I think many goals can be like that too. How many of us have been chasing the same goals for years? Not sure about you but I still muffin top pretty hard in the swimsuit I was supposed to fit into 7 years ago. I think we are capable of a lot more than we realize, but our methods, perspective and effort all depend on what our goal is.
What this means is that sometimes if you double or triple or 10x your goal, you’ll achieve drastically improved performance (even if you don’t hit the new sky-high goal). Personally, I was trying to get better at stress management. Little things gave me panic attacks, I overanalyzed what people thought about me, and had very little control over my anxiety.

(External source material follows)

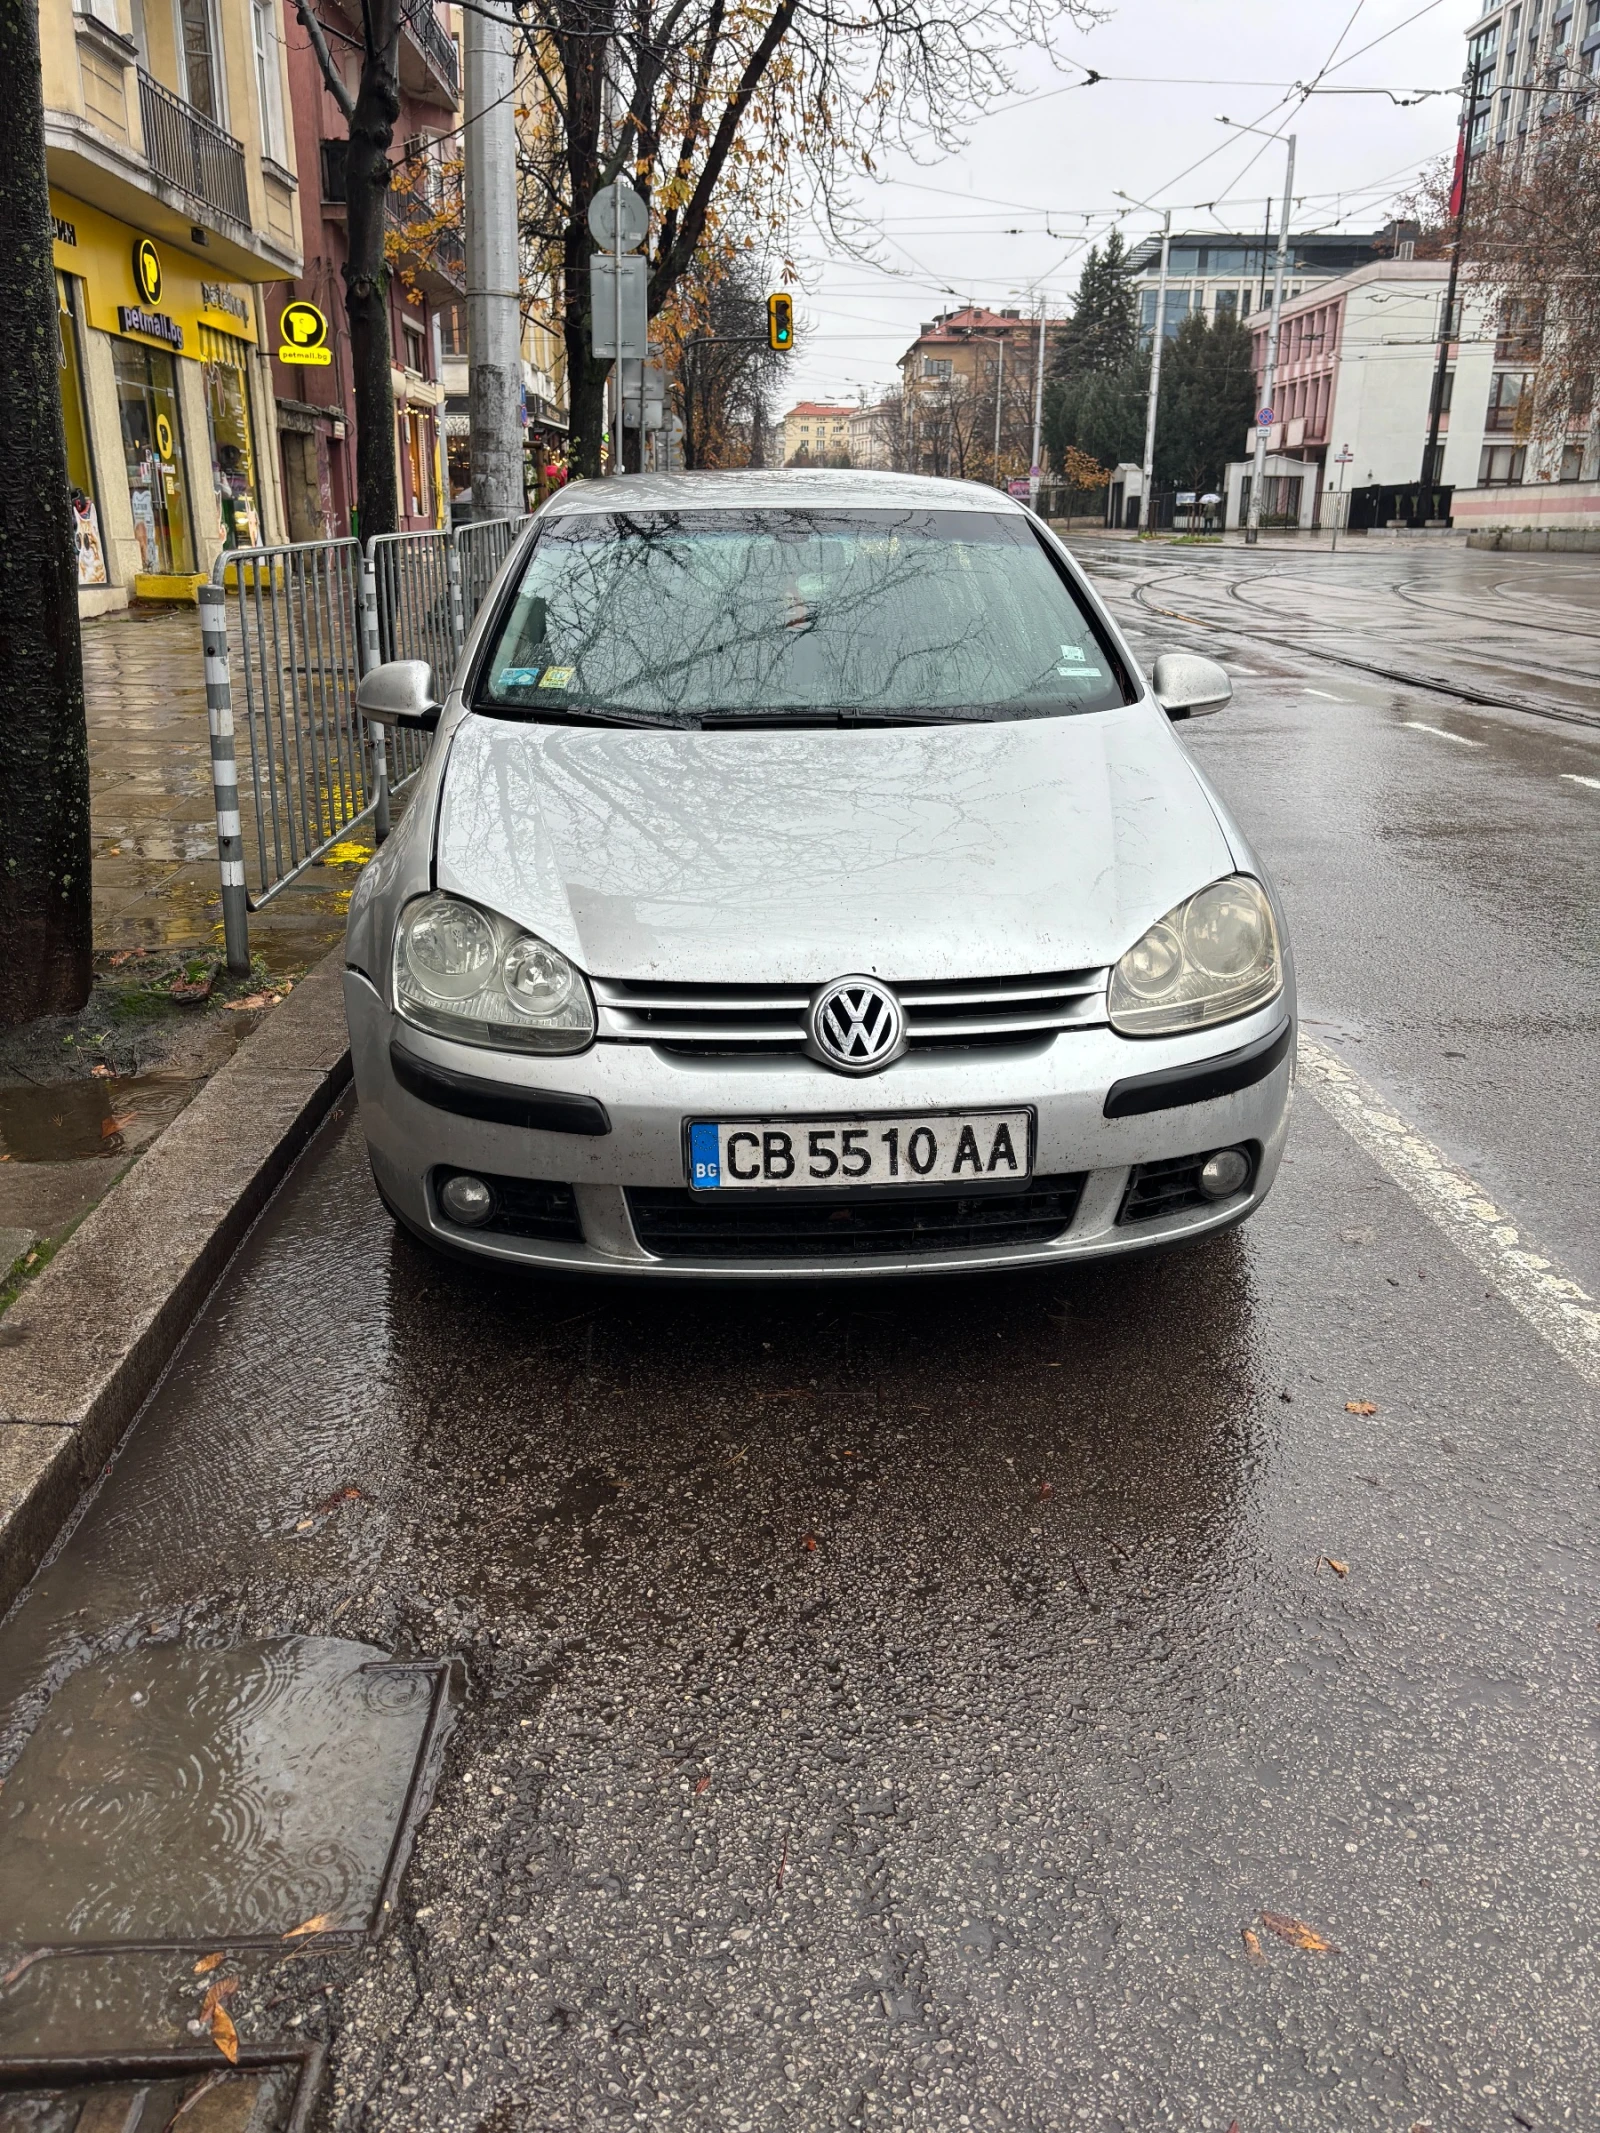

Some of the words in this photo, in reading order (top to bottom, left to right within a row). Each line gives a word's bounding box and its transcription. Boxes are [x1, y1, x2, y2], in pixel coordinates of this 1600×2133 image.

Then I did some traveling which took me way outside of my comfort zone for several weeks. Suddenly I didn’t have time to overanalyze. Everything was new, all the customs were different, and since every social interaction was awkward/difficult my anxiety acclimated to the new surroundings. I was still a bit nervous, but the goal of “survive in a foreign country” was much much harder than “look suave while ordering coffee in my hometown.”
Did I nail that 10x goal? Not really. But I made it back alive, and when I got back all the little anxieties I had before seemed so much smaller. I knew I could survive hard stuff, and it was much easier to notice and disengage from unhelpful anxious thoughts. Right now you don’t know what you can do. There’s things that require a level 10 skill and you assume it’s impossible for you or it’ll take you forever to get there. But if you attempt something that requires a level 30 skill and give it everything you have, you will rapidly adapt to level 10 performance out of necessity, perhaps even better. You can learn very very quickly when you have to, and then our old goals seem trivial in comparison.
I’m not saying exercise until you cripple yourself, but can you join a group where you’ll work harder to keep up with the others? Or reduce the timeline you had for a project by 75% and figure out how you might tackle it? Constraints make us more creative. When you only have time for the top priorities, you become efficient and focused.
Does it matter if you achieve the 10x goal? Nope. But it’ll blow your mind to find out what firepower you truly have access to when you need it. New challenges teach new skills. If you’ve been in a rut for a while then mixing things up is the only way to break out of it. Don’t you want to know what you’re capable of?